- _About this exercise_: Every record is to be printed exactly as written; pictures are to be omitted.

»»

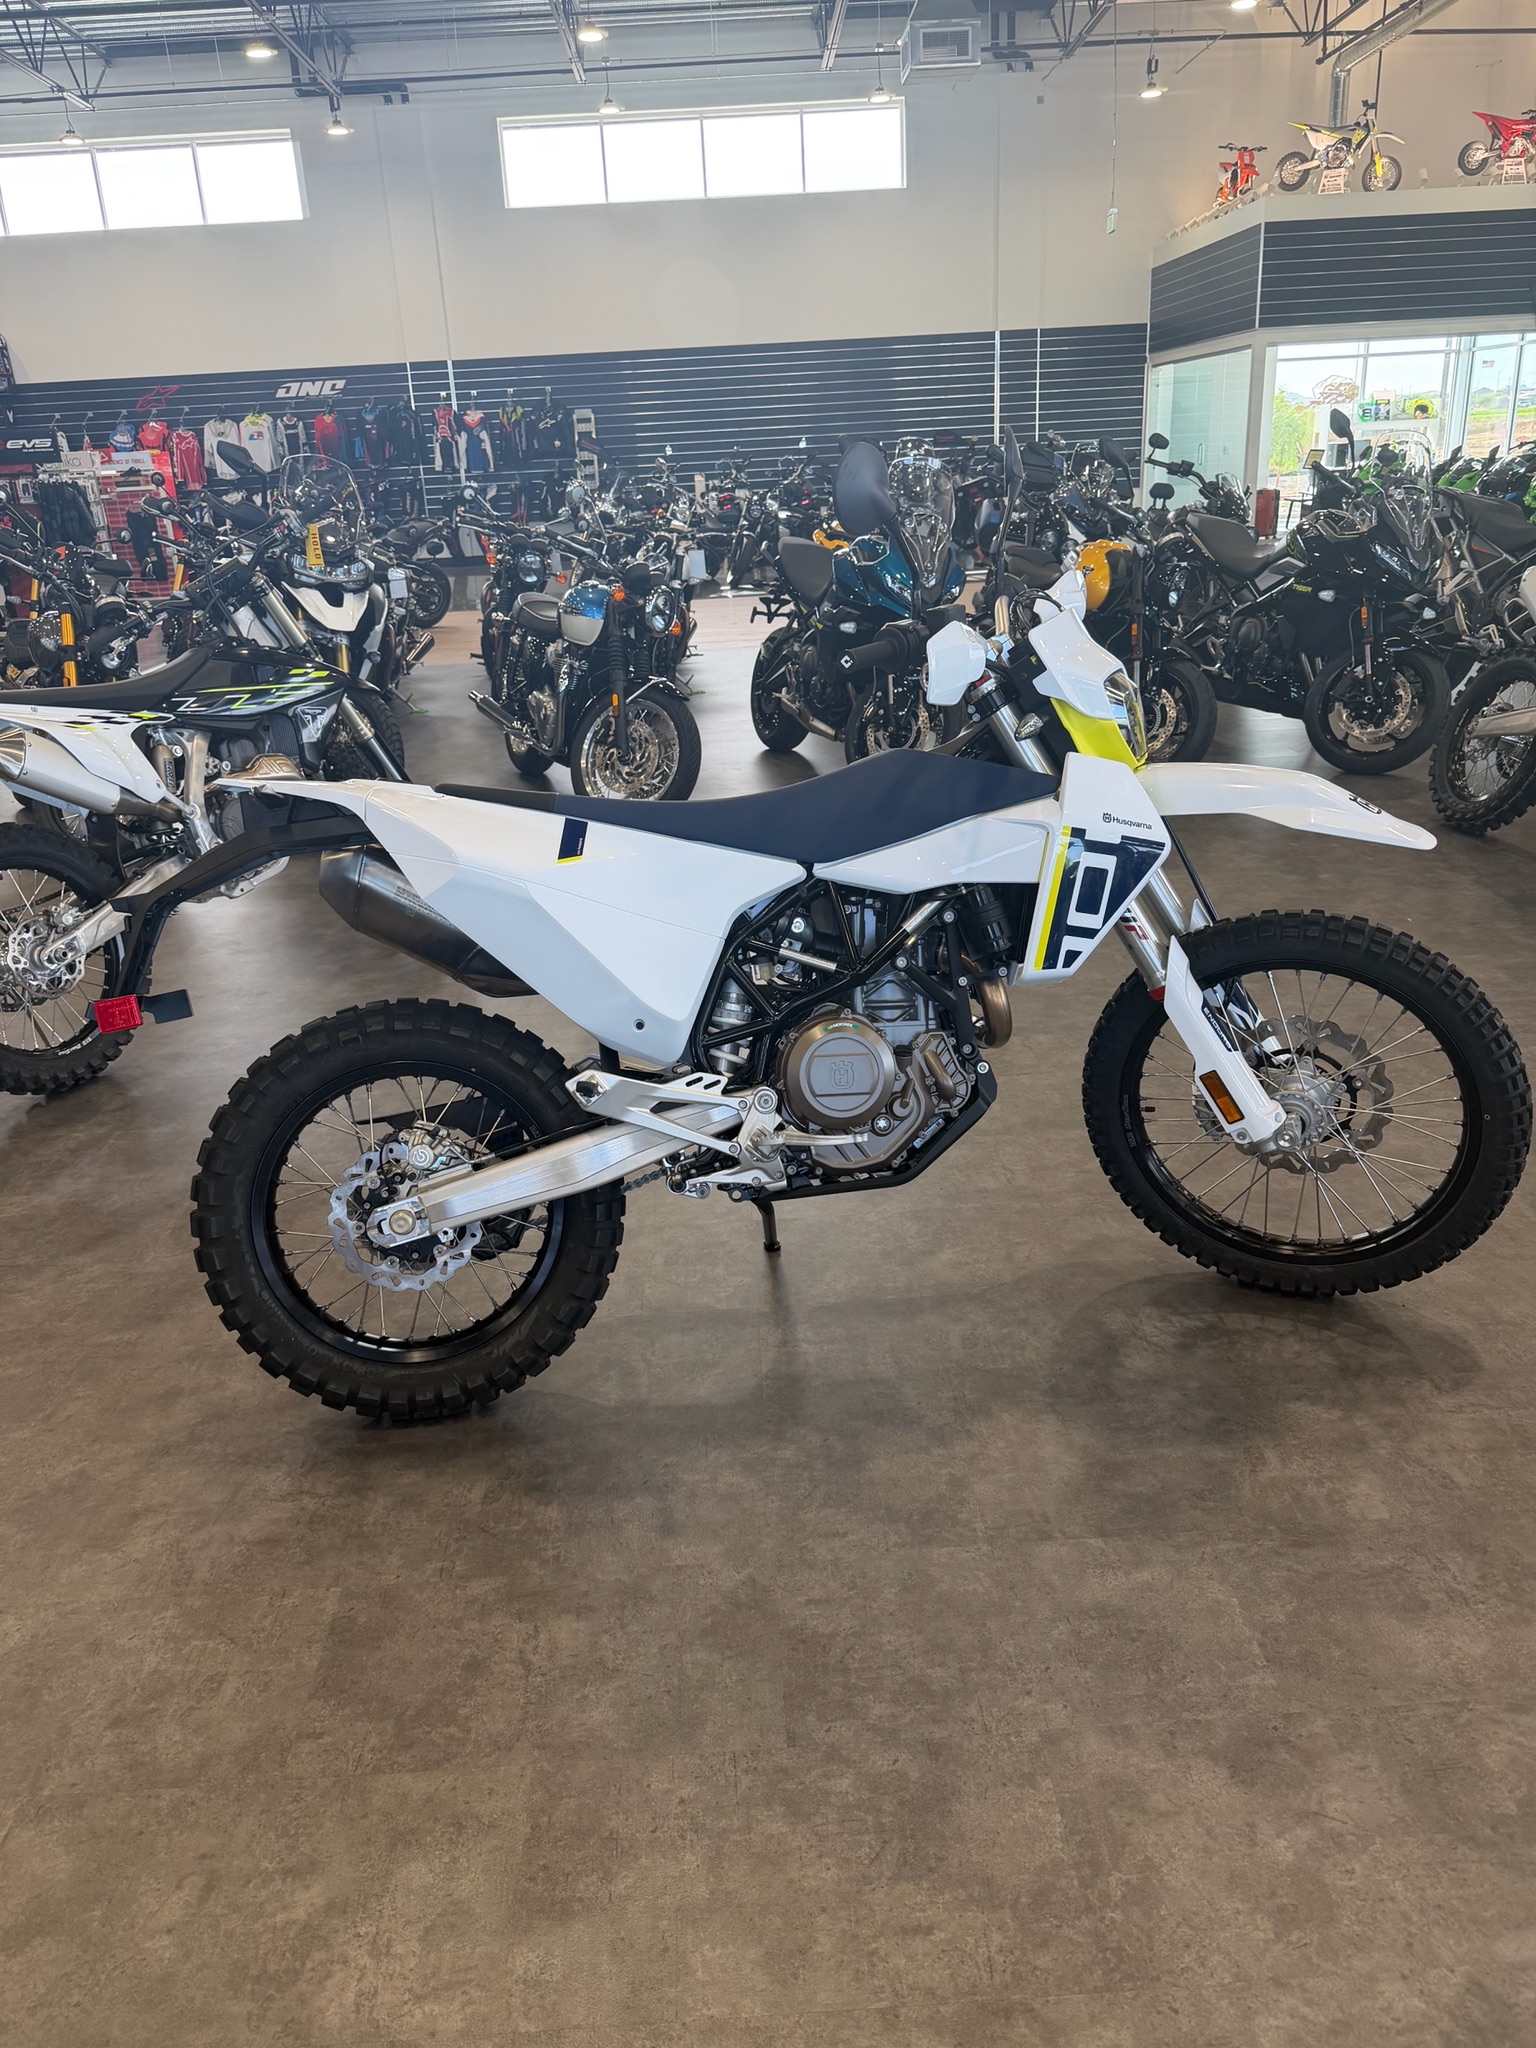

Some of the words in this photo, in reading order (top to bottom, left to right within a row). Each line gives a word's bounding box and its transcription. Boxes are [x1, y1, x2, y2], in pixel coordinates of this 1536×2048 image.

[310, 533, 321, 559] HOLD
[1292, 583, 1312, 593] TIGER
[1112, 816, 1152, 830] Husqvarna
[1203, 1006, 1232, 1049] ENDURO

««

- _Answer for this exercise_:
Some of the words in this photo, in reading order (top to bottom, left to right within a row). Each line gives a word's bounding box and its transcription. Boxes are [x1, y1, x2, y2], in pixel coordinates of this 1536×2048 image.

[310, 533, 321, 559] HOLD
[1292, 583, 1312, 593] TIGER
[1112, 816, 1152, 830] Husqvarna
[1203, 1006, 1232, 1049] ENDURO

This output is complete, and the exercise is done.